Avengers #60 (January, 1969)

They just don’t make superhero wedding comics* the way they used to.

These days, it’s as likely as not that a heavily promoted “wedding issue” will come out and have not a single scene where anything remotely resembling a wedding ceremony occurs.  Or, a couple does get married, but it’s a different couple than the one whose marital union the book was supposed to be about.  Something of a bait-and-switch going on in both of those cases, if you ask me.

Ah, but in the Good Ol’ Days (AKA the Silver Age of Comics), the major funnybook publishers really knew how to celebrate them some nuptials.  For an example, take Aquaman #18 (Nov.-Dec., 1964), where the whole blamed Justice League of America turns out for the Sea King’s undersea wedding to Mera (bubble helmets thoughtfully provided by the Royal Atlantean Event Planning Committee, I’m sure),   Or Fantastic Four Annual #3 (1965), in which not only do all of Reed Richards’ and Sue Storm’s super friends show up, but so do a whole passel of super foes, as well, thanks to the machinations of the diabolical Doctor Doom.  Now that’s what I call a wedding to remember.  Not a dry (or un-blackened) eye in the house, y’know what i mean?

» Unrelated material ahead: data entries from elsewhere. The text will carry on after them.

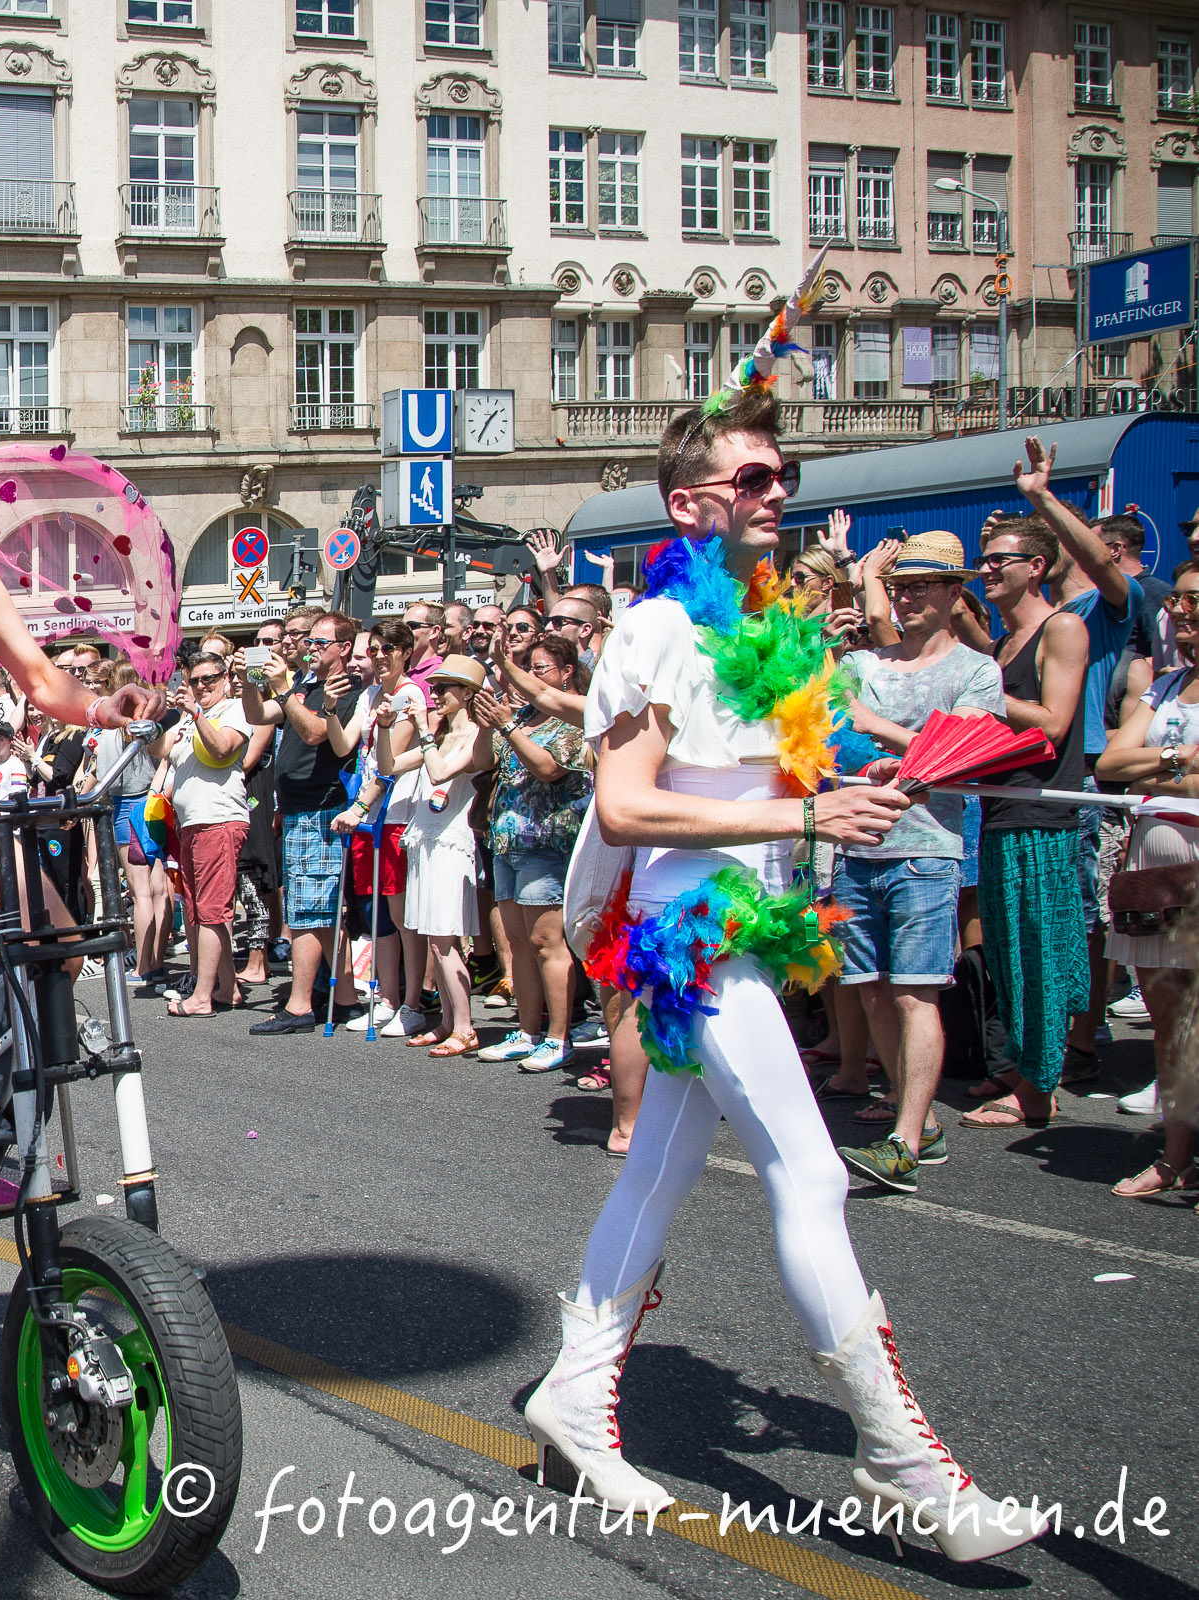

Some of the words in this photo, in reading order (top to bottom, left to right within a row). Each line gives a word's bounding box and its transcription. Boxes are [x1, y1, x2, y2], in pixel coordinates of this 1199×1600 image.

[1094, 300, 1183, 328] PFAFFINGER
[905, 343, 930, 356] HAAR
[408, 394, 445, 448] U
[372, 599, 394, 610] Cafe
[476, 594, 492, 604] Tor
[188, 609, 214, 621] Cafe
[218, 610, 235, 619] am
[113, 616, 132, 627] Tor
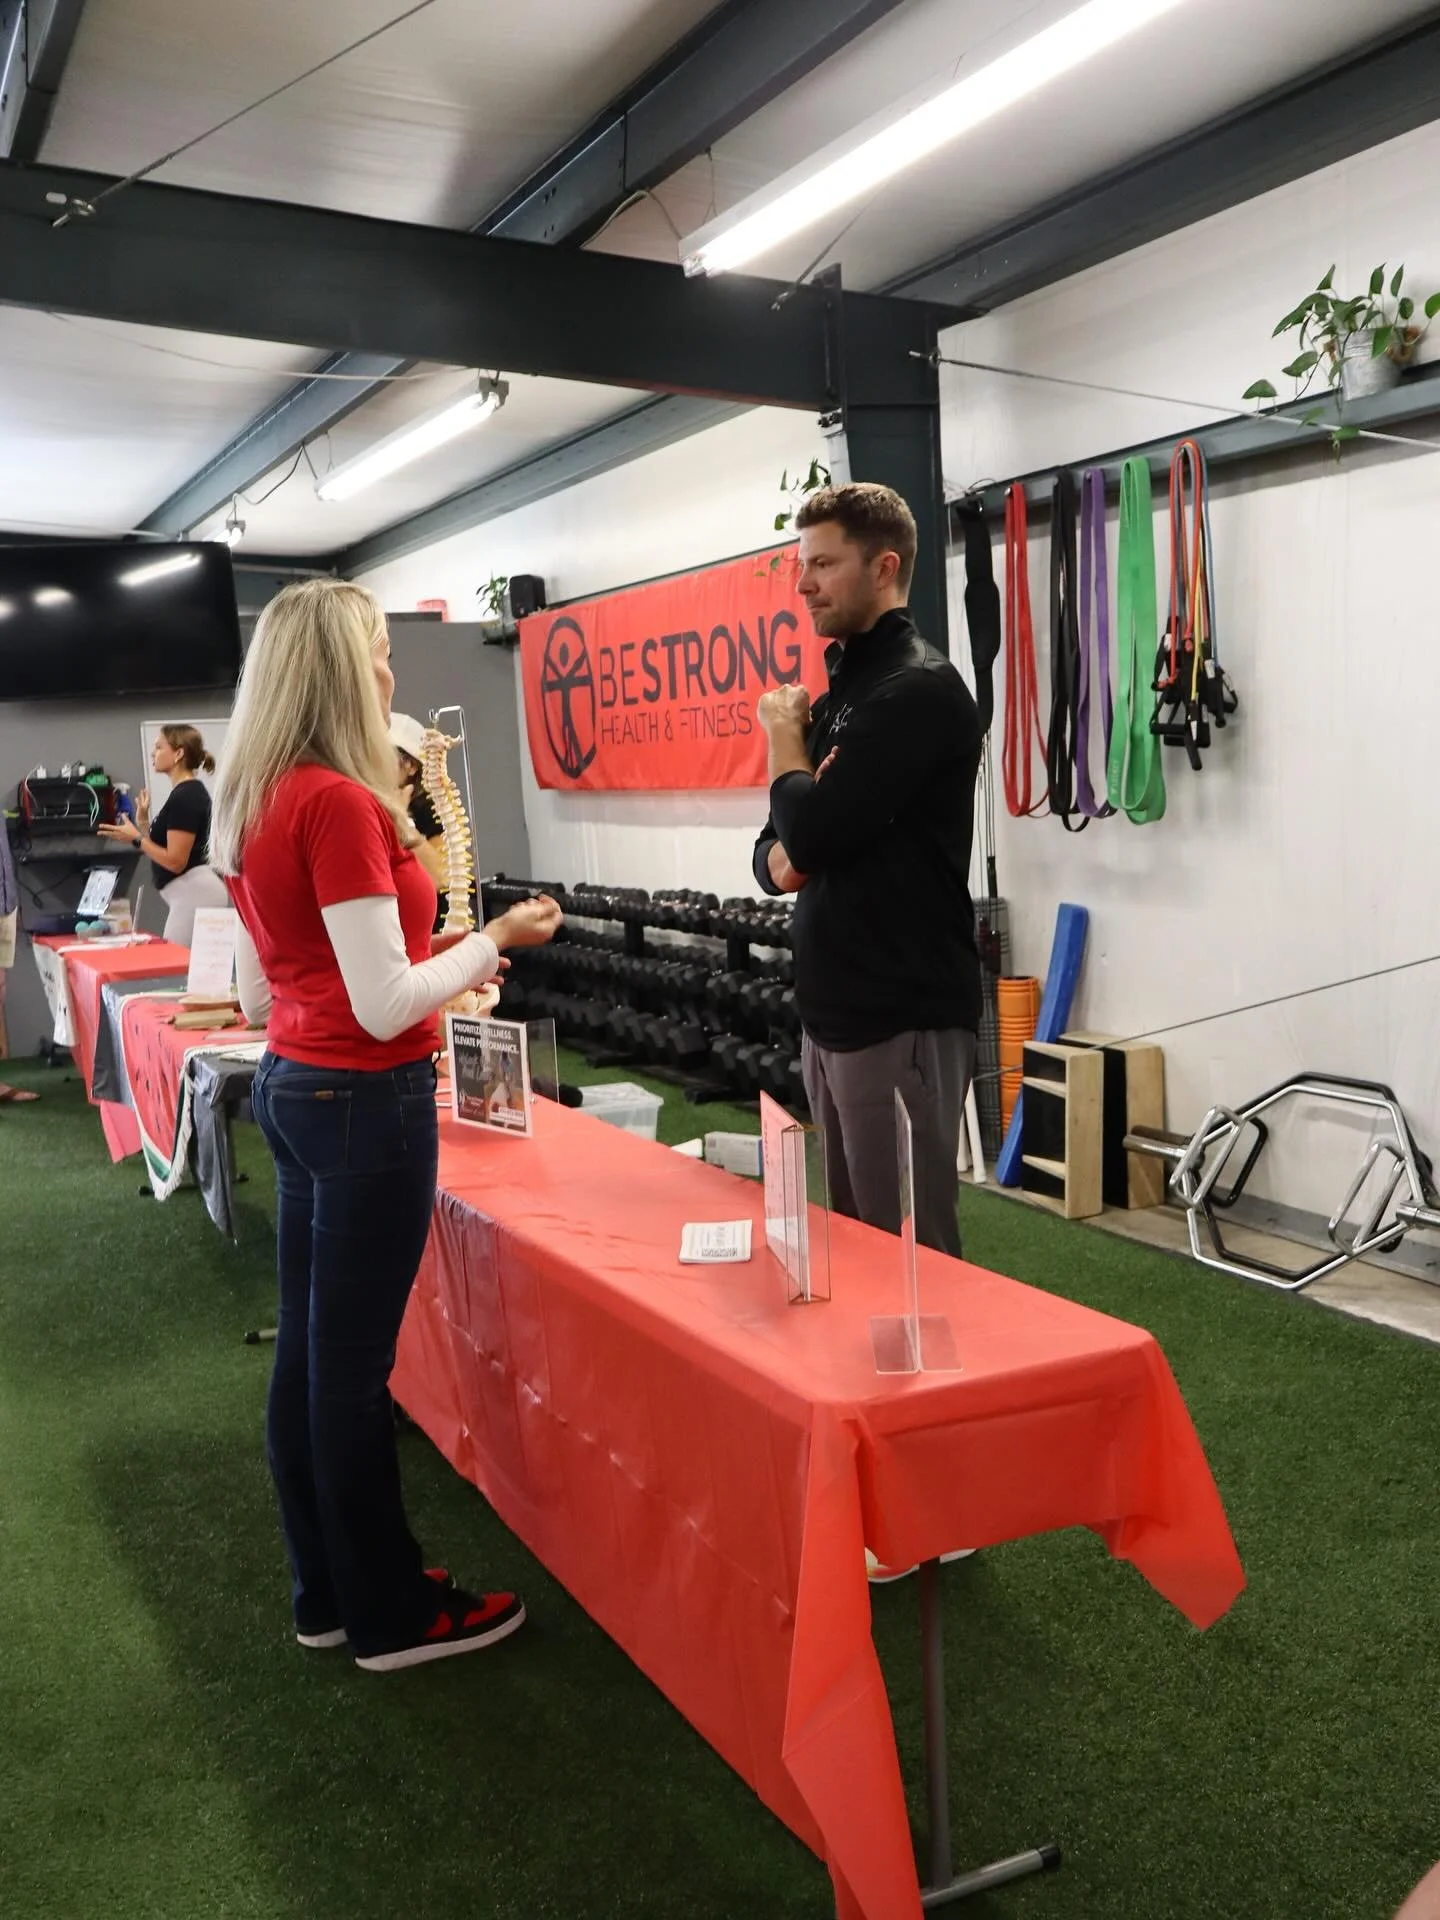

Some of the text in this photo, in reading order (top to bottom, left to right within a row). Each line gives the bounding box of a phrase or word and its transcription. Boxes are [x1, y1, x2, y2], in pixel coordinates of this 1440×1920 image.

And then, there’s Avengers #60, featuring “‘Til Death Do Us Part!”, by Roy Thomas (writer), John Buscema (penciler), and Mike Esposito (inker, as “Micky Demeo”) — which not only gives us an Avengers Mansion-ful of super-powered guests and gatecrashers, but also brings the wacky on a level rarely seen before or since.  Read More

Avengers #58 (November, 1968)

By September, 1968, when the subject of today’s post came out, I was buying The Avengers semi-regularly.  Of course, “semi” literally means “half” (at least in the original Latin) — which is my way of saying that though I’d bought issues #53, #56, and the 1968 Annual, I’d skipped, or at least missed, issues #54, #55, and #57.  So, not only did my eleven-year-old self miss out on the debut of the Vision (in #57), but I was also completely in the dark about the malevolent robot who’d allegedly created him, Ultron-5, introduced in issues #54 and #55 as the mysterious leader of the “new” Masters of Evil.

Thus, when I came across Avengers #58 in the spinner rack, I may have been momentarily daunted.  Even if I had no obvious way of knowing that this issue tied into the Masters of Evil storyline from several months back, it was clear from the cover that the story was a direct follow-up to the previous issue’s Vision tale.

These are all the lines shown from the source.